ウッディ・アレンが人嫌いになった理由を感じる日々(下)誰とも接しなければ問題が起きない? [映画業界物語]
ウッディ・アレンが人嫌いになった理由を感じる日々(下)
誰とも接しなければ問題が起きない?ー2015年の記事からー
ただ、僕も1週間前に予定を立て、その街にお寄りするという形は取れない。監督業はご存知のようにブラック企業を超える仕事量。スケジュールも突然変わる。帰京予定日が変わったり、現地に予定以上に滞在したりもする。そんな中で帰京途中。

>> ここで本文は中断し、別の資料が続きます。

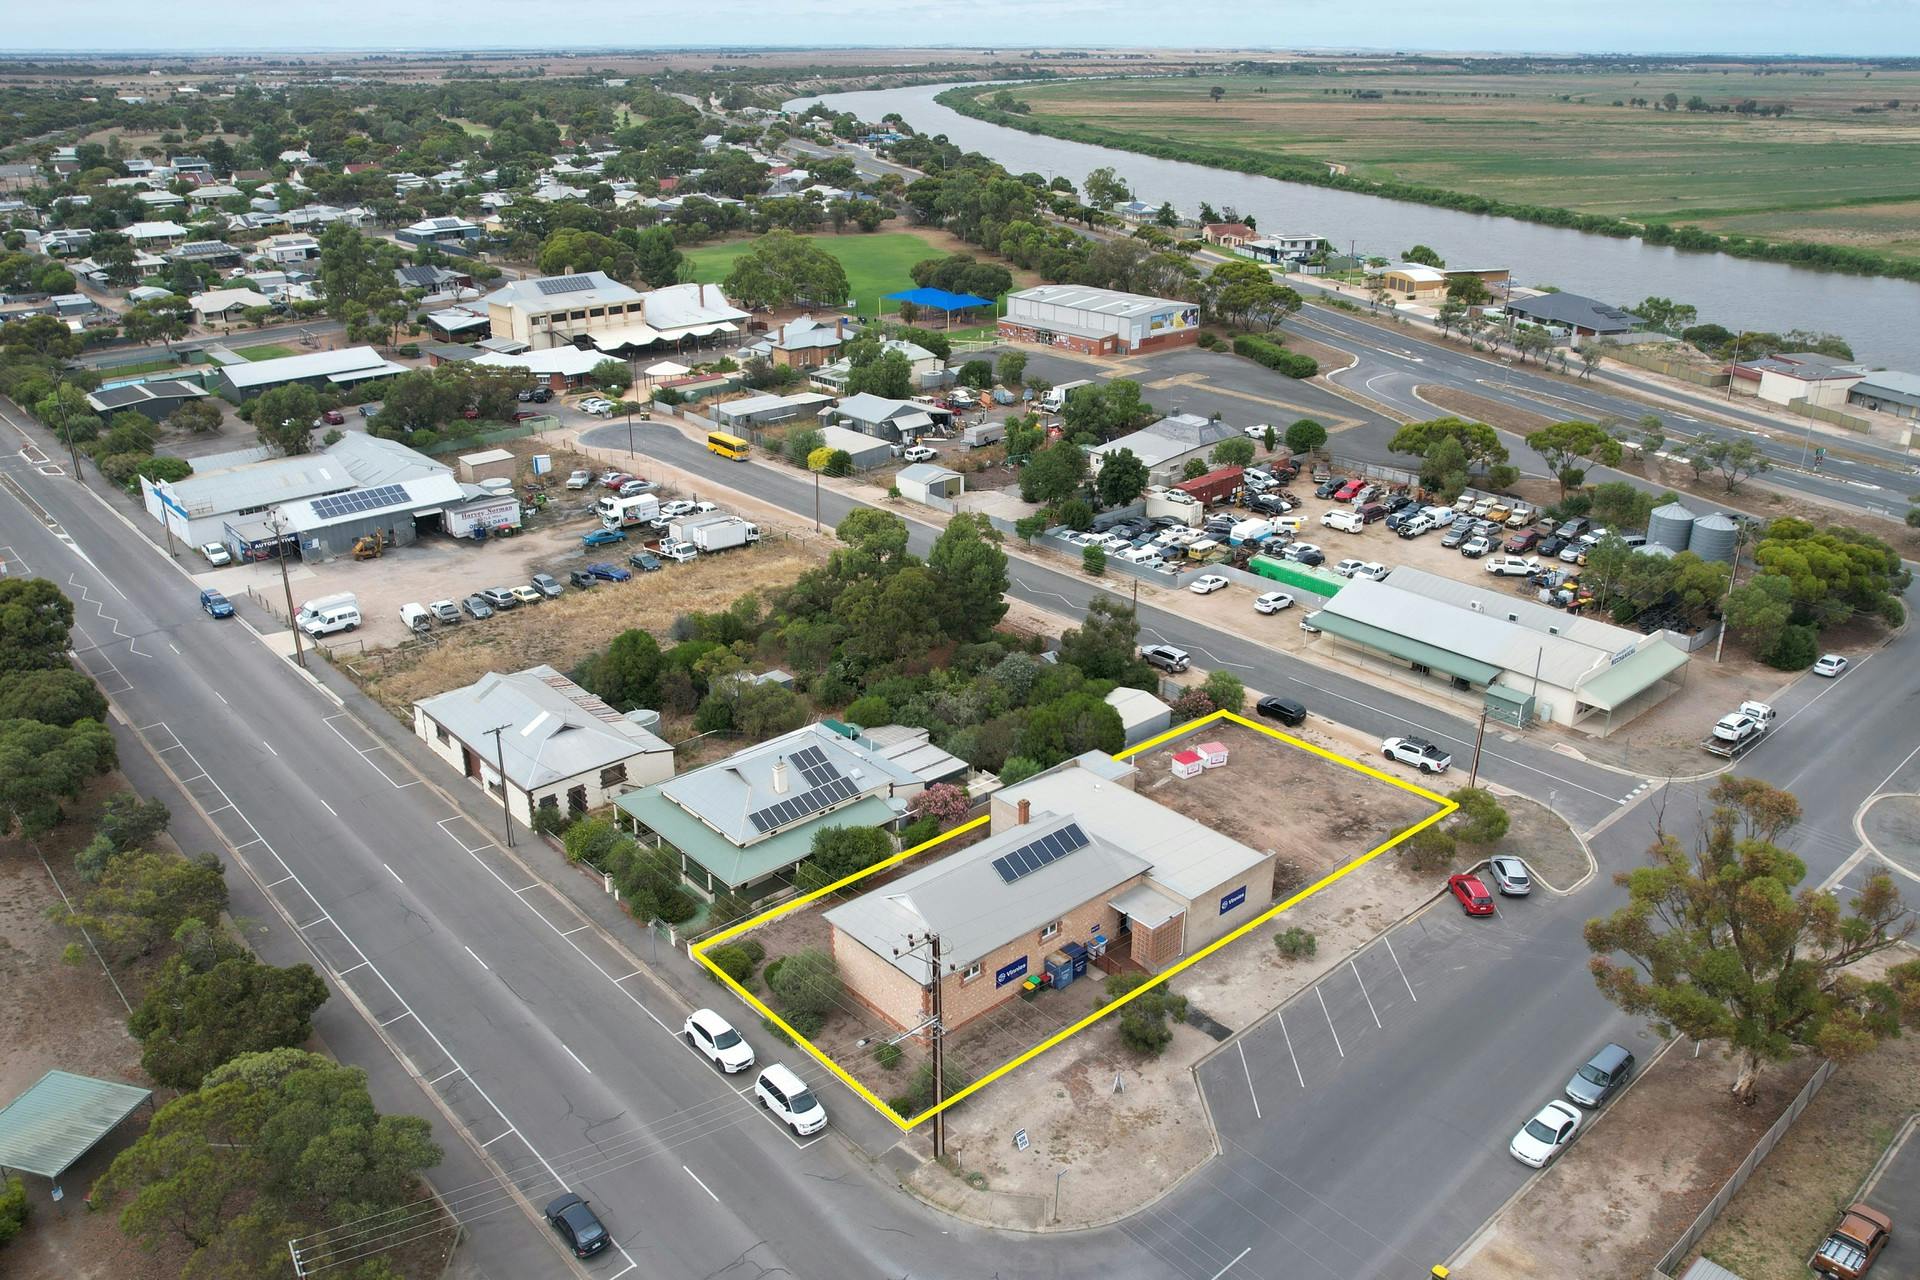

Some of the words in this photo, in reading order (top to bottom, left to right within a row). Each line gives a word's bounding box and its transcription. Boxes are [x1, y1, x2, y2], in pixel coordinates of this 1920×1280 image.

「あ、今日なら時間あるから**市で途中下車できる。明日、東京に着けば仕事にも影響しない。きっと喜んでくれるだろう」
と、その街を訪ねる。けど、地元の方も急に来られては困る方がいるという現実を知った。笑顔で迎えてくれたのに内心は迷惑だったと後で伝えてきた。他の方々は笑顔で接してくれたが、同じように「急に来られてもなあ〜」と思いながら我慢していたのではないか? そんなことはないと思うが、全員が喜んでくれたわけでないことは理解した。
ただ、一部の声を受け入れると、また別のところから不満の声が上がるだろう。何をしても、良かれと思っても、誰かが不満を言う。誰が悪いということではないのに、歯車が噛み合なくなっていくようだ。もしかしたら、何もしないこと。誰も訪ねない、挨拶もしない方が誰も傷付けず、迷惑かけないのかもしれない。映画監督業を始める以前は考えもしなかったことだ。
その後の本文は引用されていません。